Goal of the exercise: Please write the listing below out again exactly, leaving every picture behind.

◇ ◇ ◇ ◇

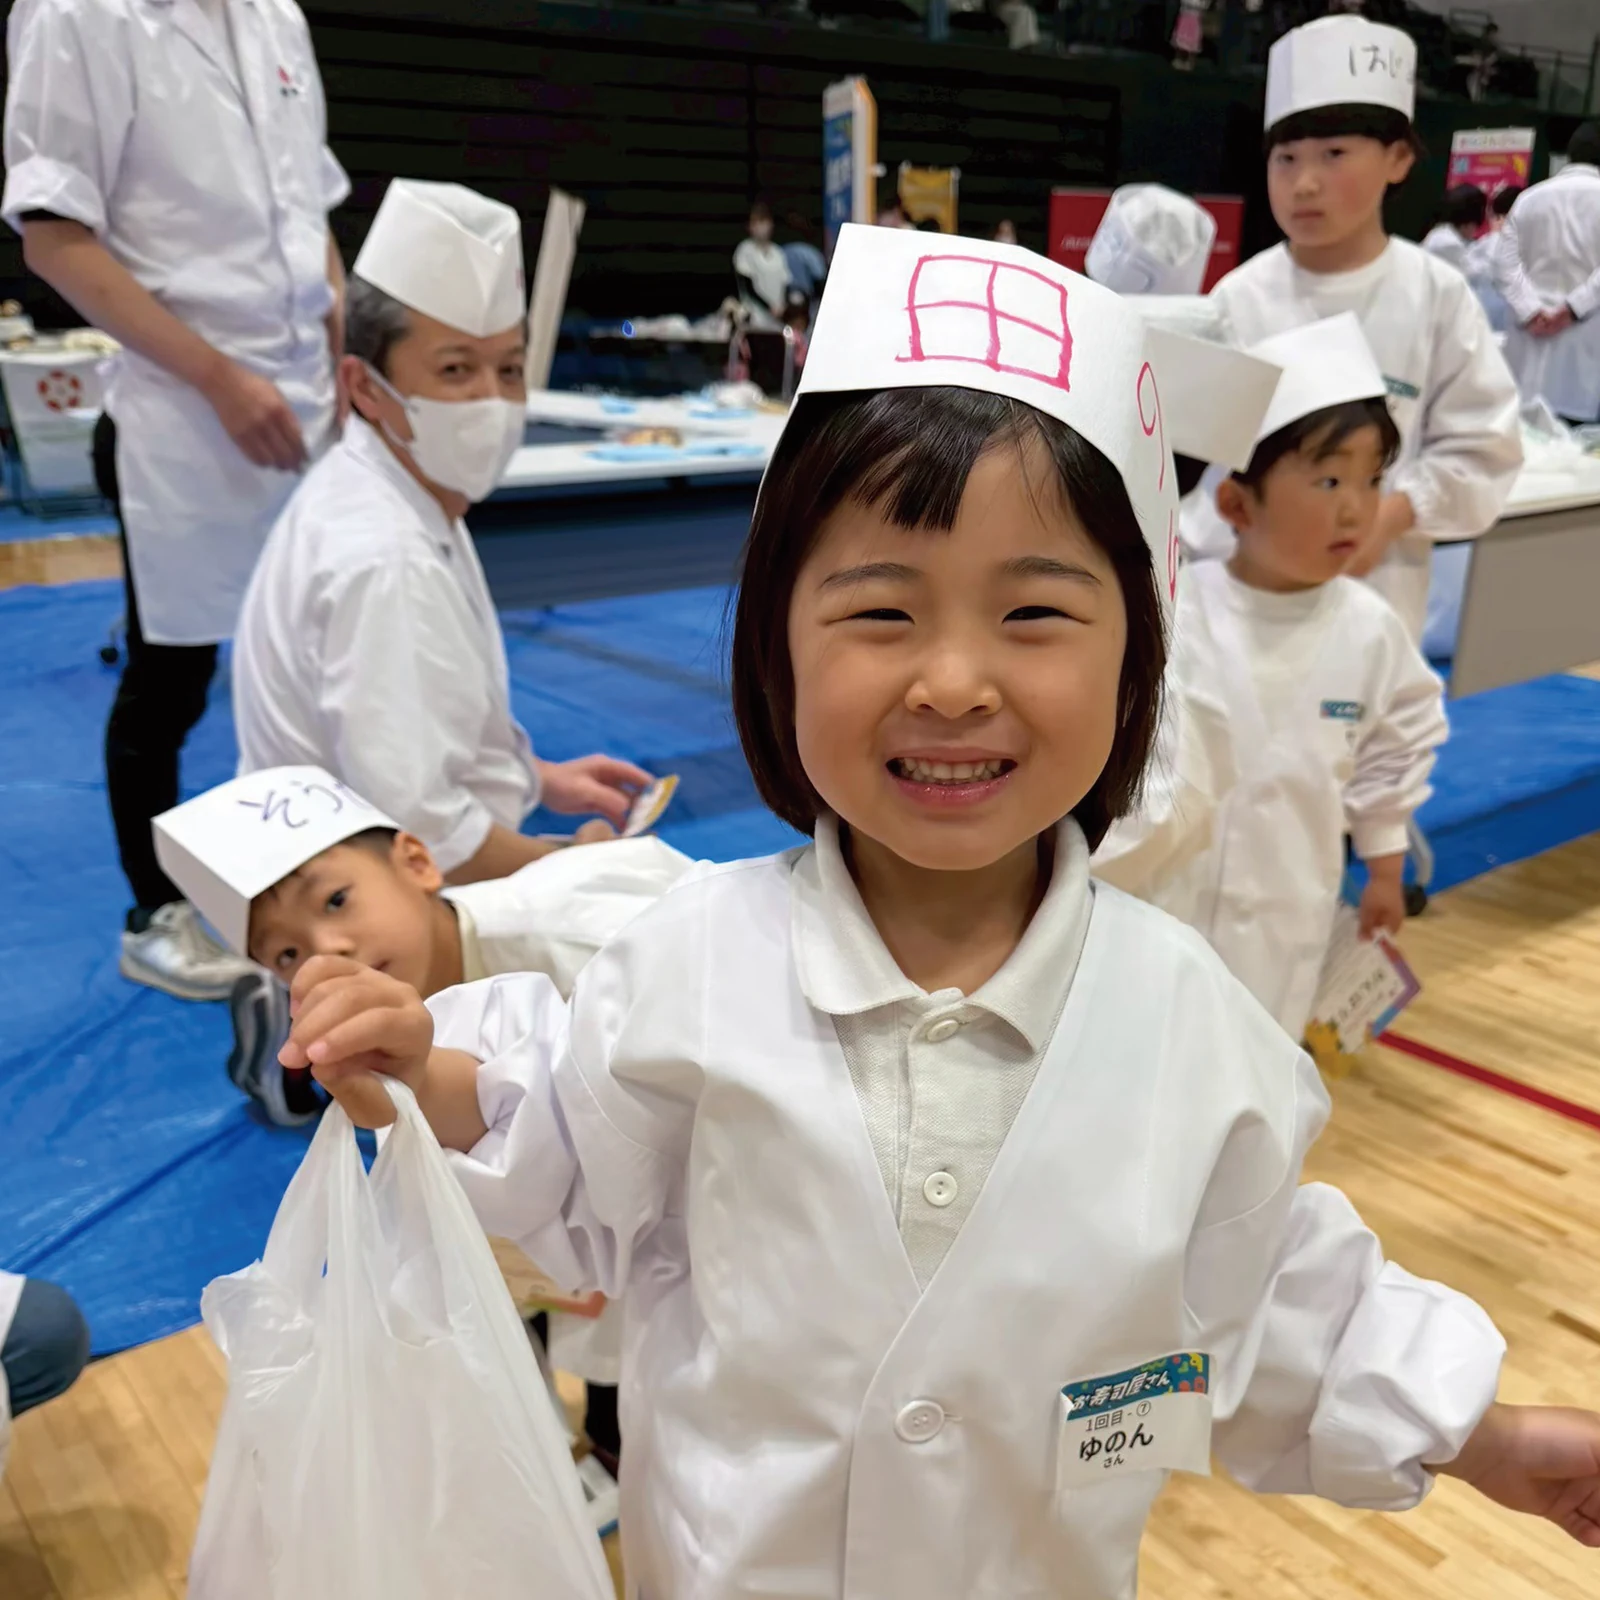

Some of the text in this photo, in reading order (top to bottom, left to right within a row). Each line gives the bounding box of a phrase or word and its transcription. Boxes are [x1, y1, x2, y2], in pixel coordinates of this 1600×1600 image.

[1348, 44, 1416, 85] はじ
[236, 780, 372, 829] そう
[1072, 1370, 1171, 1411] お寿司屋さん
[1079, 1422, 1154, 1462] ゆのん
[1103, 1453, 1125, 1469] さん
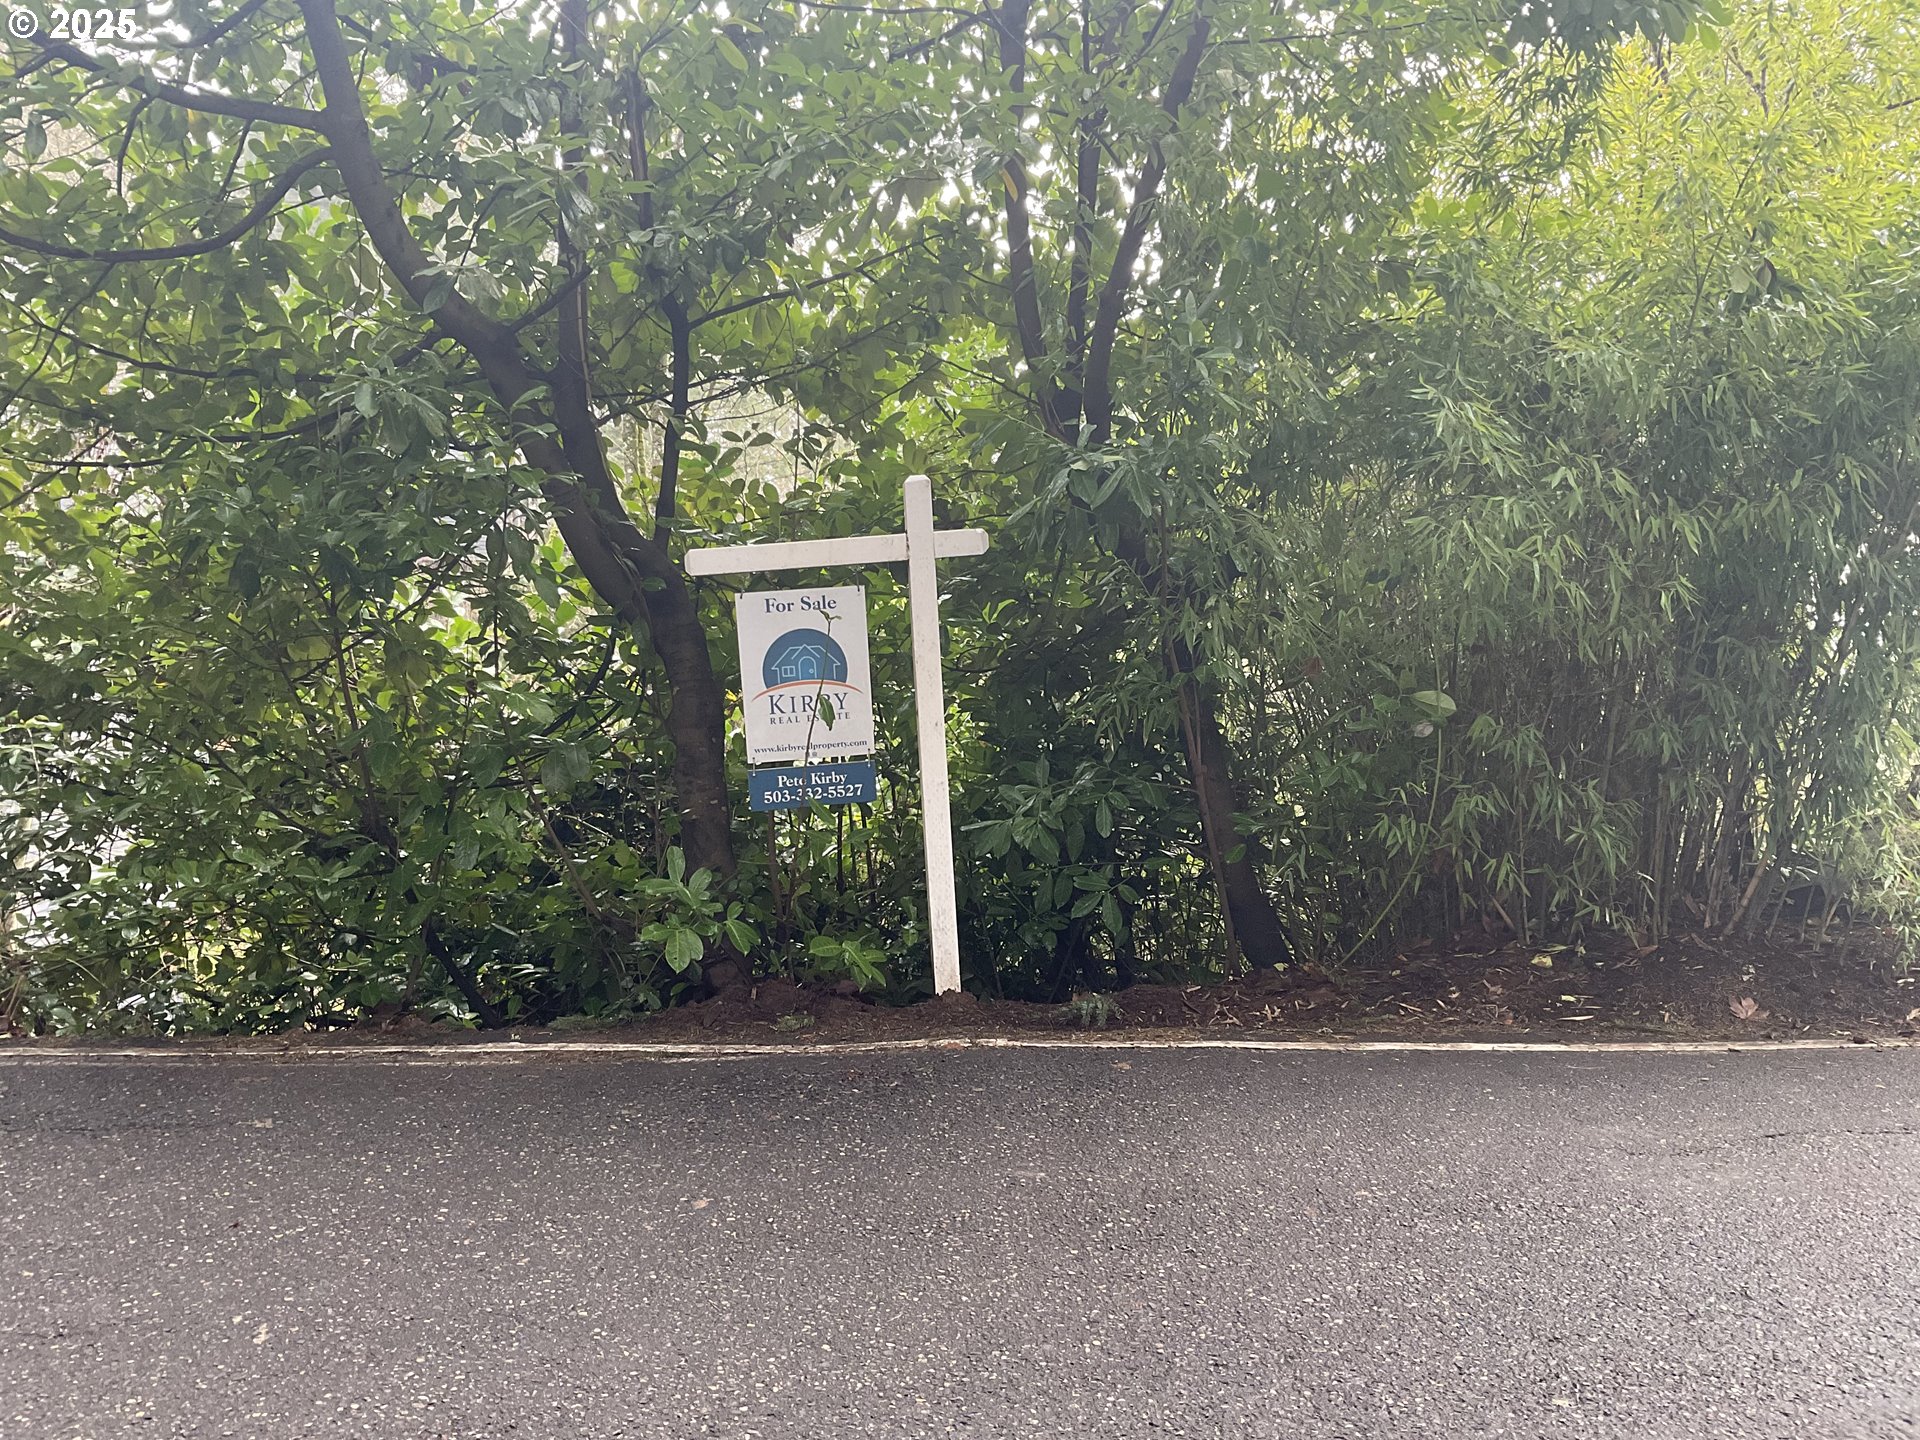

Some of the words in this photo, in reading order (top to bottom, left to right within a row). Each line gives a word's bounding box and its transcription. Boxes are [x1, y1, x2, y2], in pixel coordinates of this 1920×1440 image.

◇ ◇ ◇ ◇

Result below:
Some of the text in this photo, in reading order (top to bottom, left to right within a row). Each line gives the bounding box of a phrase or word and its transcription. Boxes are [x1, y1, x2, y2], in pixel coordinates of this 1600×1600 image.

[1348, 44, 1416, 85] はじ
[236, 780, 372, 829] そう
[1072, 1370, 1171, 1411] お寿司屋さん
[1079, 1422, 1154, 1462] ゆのん
[1103, 1453, 1125, 1469] さん

Some of the words in this photo, in reading order (top to bottom, left to right within a row). Each line gives a word's bounding box and its transcription. Boxes are [x1, y1, x2, y2], in pixel coordinates of this 1920×1440 image.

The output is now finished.